(From Critical Mass, the blog of the National Book Critics Circle)
by Parul Sehgal | Mar-15-2011
This year’s Balakian Citation for Excellence in Reviewing, to Parul Sehgal, whose remarks are here:
I’m a bit overwhelmed. And I must confess that I’m wearing a sari not so much to signal ethnic pride than to conceal the knocking of my knees.
First of all, I must express my immense gratitude to the board of the National Book Critics Circle. To be acknowledged by my gurus, by writers I so respect, is an unprecedented thrill. And to be in the company, if only for a moment, with the finalists—Sarah L. Courteau, William Deresiewicz, Ruth Franklin, Kathryn Harrison—tremendous artists, all—leaves me on the verge of a swoon. Honestly, I’m less delighted than disbelieving. I haven’t been sleeping so well. I’ve been having nightmares of a bacon-clad Ron Charles trying to reclaim the award and prying it out of my presumptuous little paws.
It’s customary for the Balakian winner to share some of his or her ideas about book reviewing, to make a soothing speech about why reviews are useful and necessary and will survive. It’s the kind of speech I’m frankly pretty lousy at because 1.) I’m not very soothing and 2.) I hate the criteria. Utility, necessity, longevity—that’s not our bailiwick. Orthodonture is useful. A functioning judiciary and sewage system are necessary—and even in their absence, cities thrive (c.f. New Delhi).
The book review belongs to the province of pleasure. It directs readers to ideas that will stretch their sensoriums, that will give them a gladness, an exquisite fright or sorrow. And of course, our most skilled practitioners in this business of bliss produce reviews that are a veritable education, reviews that remind of me nothing so much as Eadward Muybridge’s photographs of the horse running, the gymnast leaping–those photographs that isolated locomotion, frame-by-frame. That’s what Daniel Mendelsohn or Sam Anderson (both Balakian winners, I realize) do for me. Their reviews show me how a mind moves. How it gathers itself, pounces, pivots, preens, reconsiders, repents, creeps to a conclusion. A review is someone performing thinking, and our finest reviewers are, to my mind, no less remarkable than our finest athletes: what do they do but exercise their precision, subtlety, and stamina for our enjoyment?

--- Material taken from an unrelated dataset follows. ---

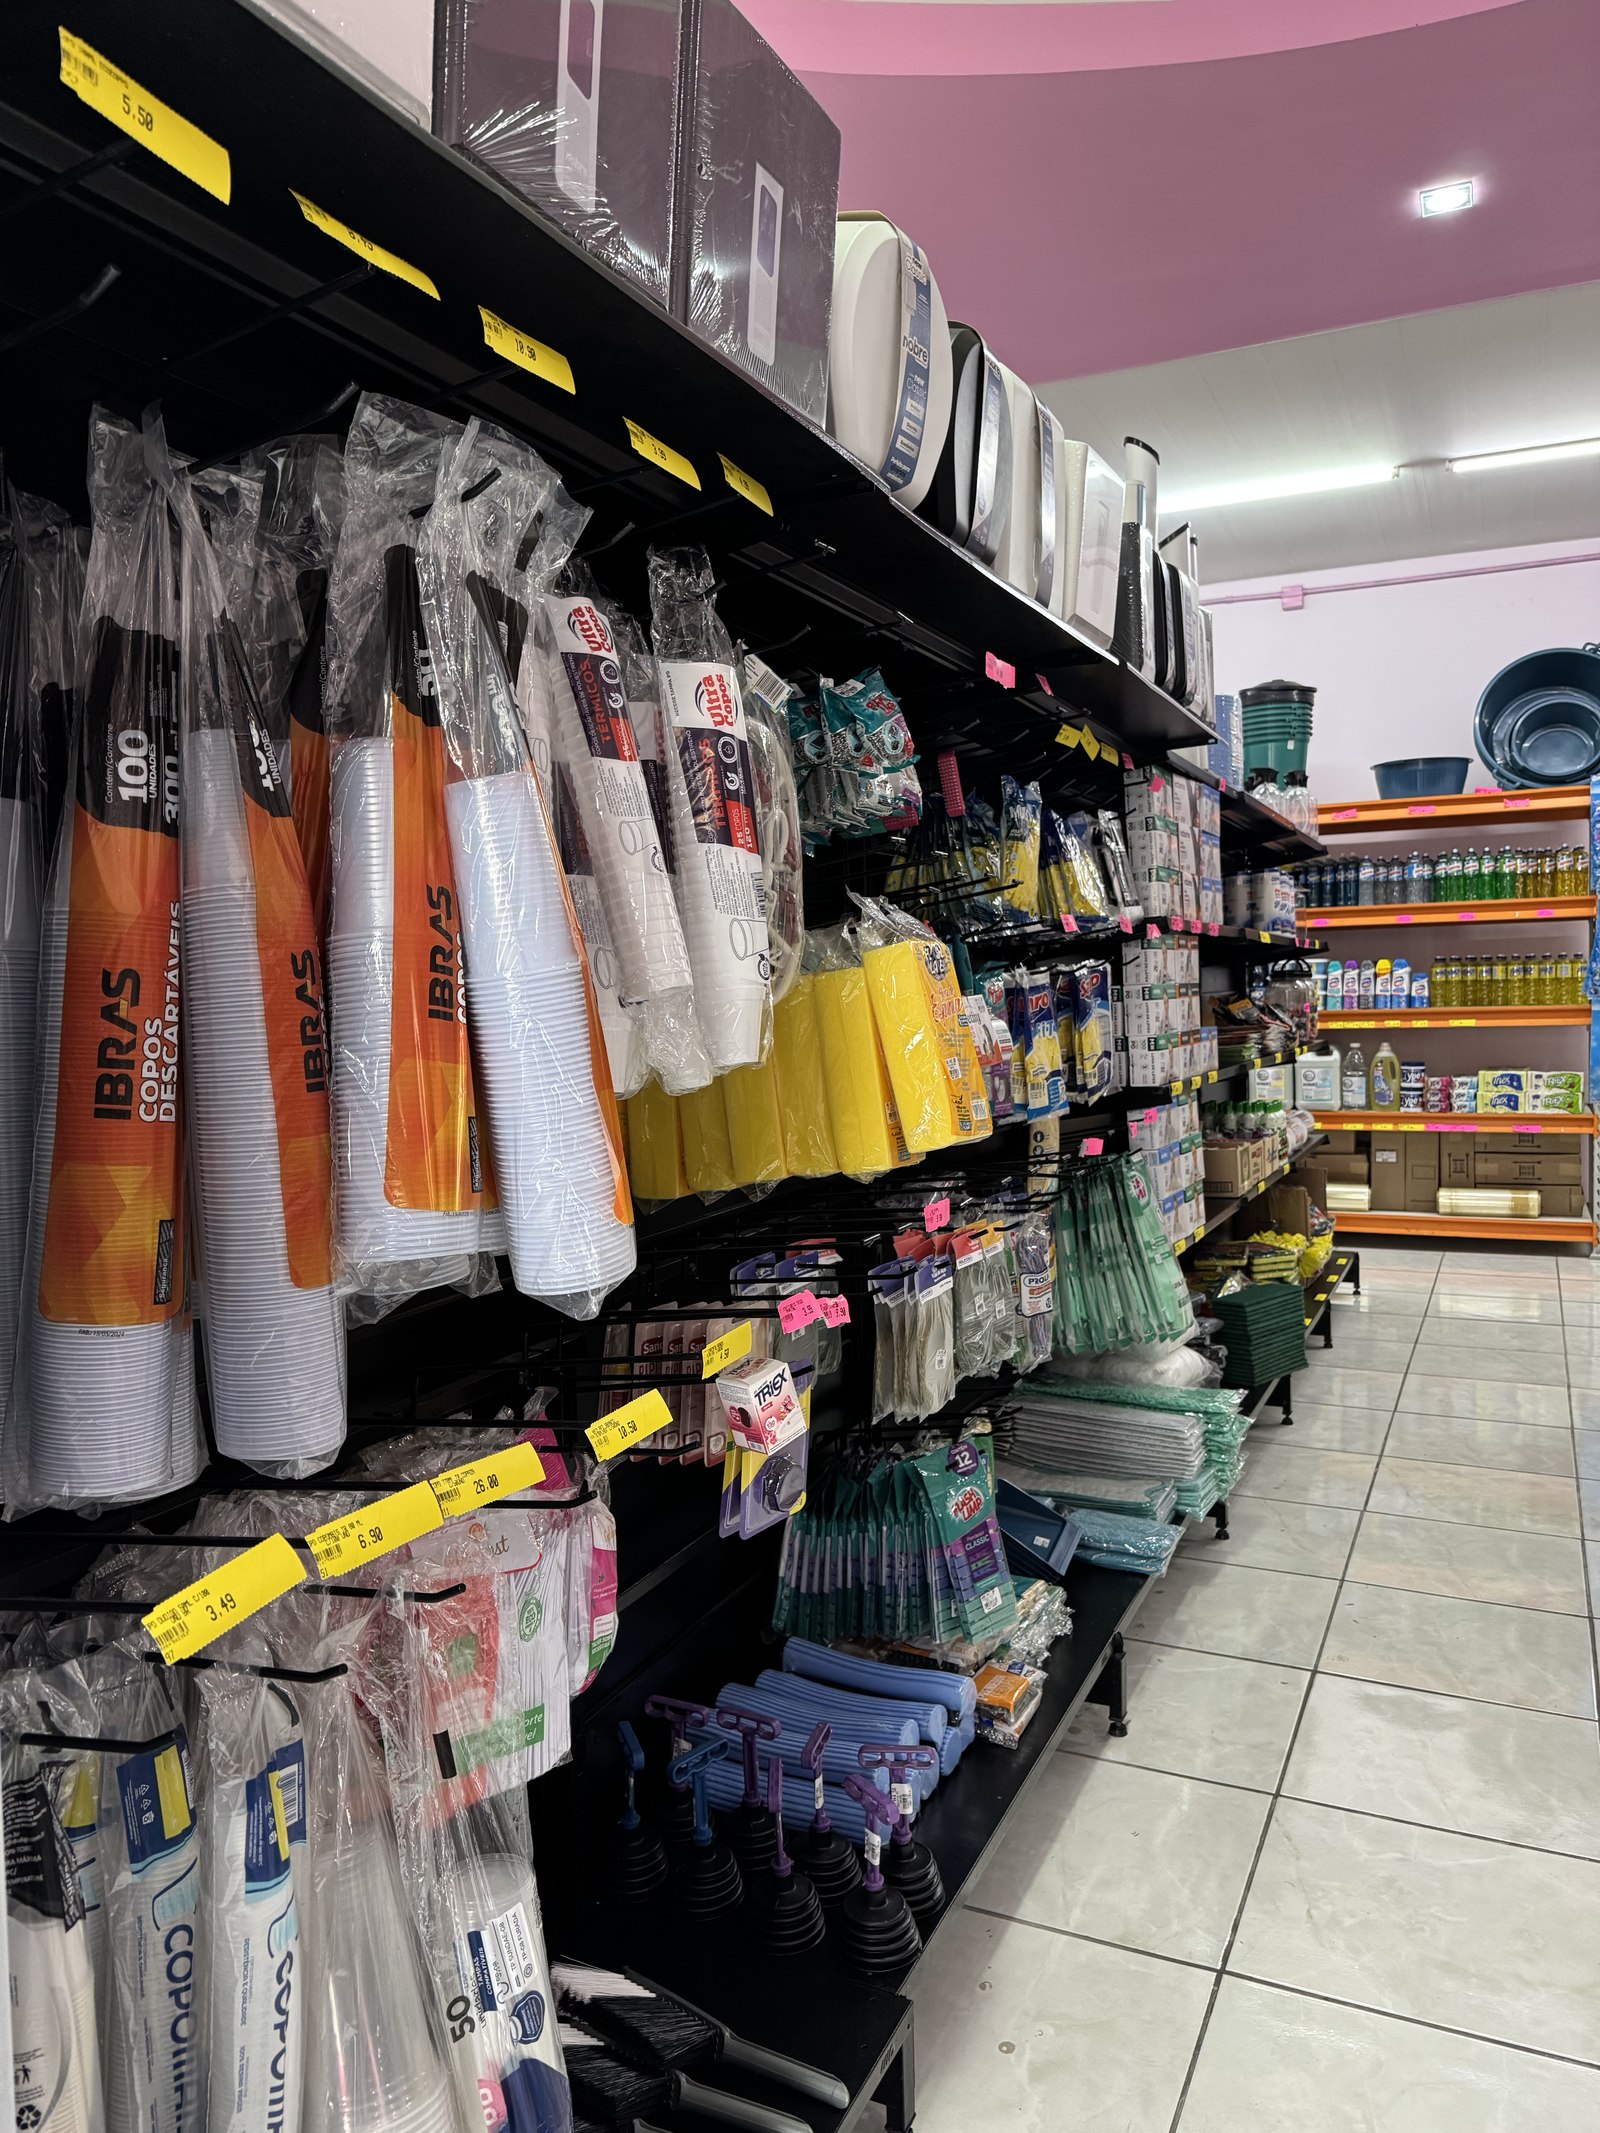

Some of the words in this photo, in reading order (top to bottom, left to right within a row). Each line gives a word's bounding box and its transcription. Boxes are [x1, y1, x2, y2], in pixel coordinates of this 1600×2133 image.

With such a mandate, to be a dealer of delight, it’s a pity that much of the news from the world of reviews—if there is news—tends to be bleak. Review space continues to contract; we’re finding out that women and people of color are given as short shrift here as they are everywhere else. The conversation about books has shifted from what we’re reading to whether we’re reading, and how. For me, reviewers are the stay against that sea of dullness. Book reviews ask the crucial questions, the harder questions than Nook vs. Kindle: how do these curious symbols in their shifting arrangement unravel us? What sleight of hand is this?
Sinclair Lewis wrote, “Every compulsion is put upon writers to become safe, polite, obedient, and sterile.” I think this is doubly so for critics, but online and in our magazine and newspapers, I see only risk and energy. For all the agon of the year, let us not forget that 2010 gave us Meghan O’Rourke on Anne Carson’s Nox, Dwight Garner on Roland Barthes’ A Mourning Diary, and Sam Anderson on Martin Amis’ The Pregnant Widow. My hope is that in the reliable excitement of anxiety, we won’t forget to marvel at the engagement and intensity of the work being done right now. My hope is that we ask different questions about book reviewing, more interesting questions than do reviews matter and will they last. My hope is that we will remember that criticism is an art not a science.
I realize that this was actually quite a soothing speech indeed (she says, reviewing her speech as she delivers it). And I’m sure a large part of my dogged optimism comes from the good people I work with. I’d like to thank my colleagues at Publishers Weekly for always asking the right questions. I’d especially like to thank my coworker and confessor, Craig Teicher, a brilliant poet and better friend, who two years ago shuffled up to my desk, sort of tugged at his beard, and asked me what I was doing with my life and my time and my mind. I think I made some sort of terrified mewing sound. He gave me a very censorious look and told me to email this guy he knew. I did email that guy, who is now my gifted and generous editor at Bookforum, Michael Miller, a model of how to read with humility and write with courage, who grants me extension after extension. And finally, I have to thank my family, especially Adam Boretz, who protects me and inspires me and is more beautiful than any book. Except, maybe, Nox.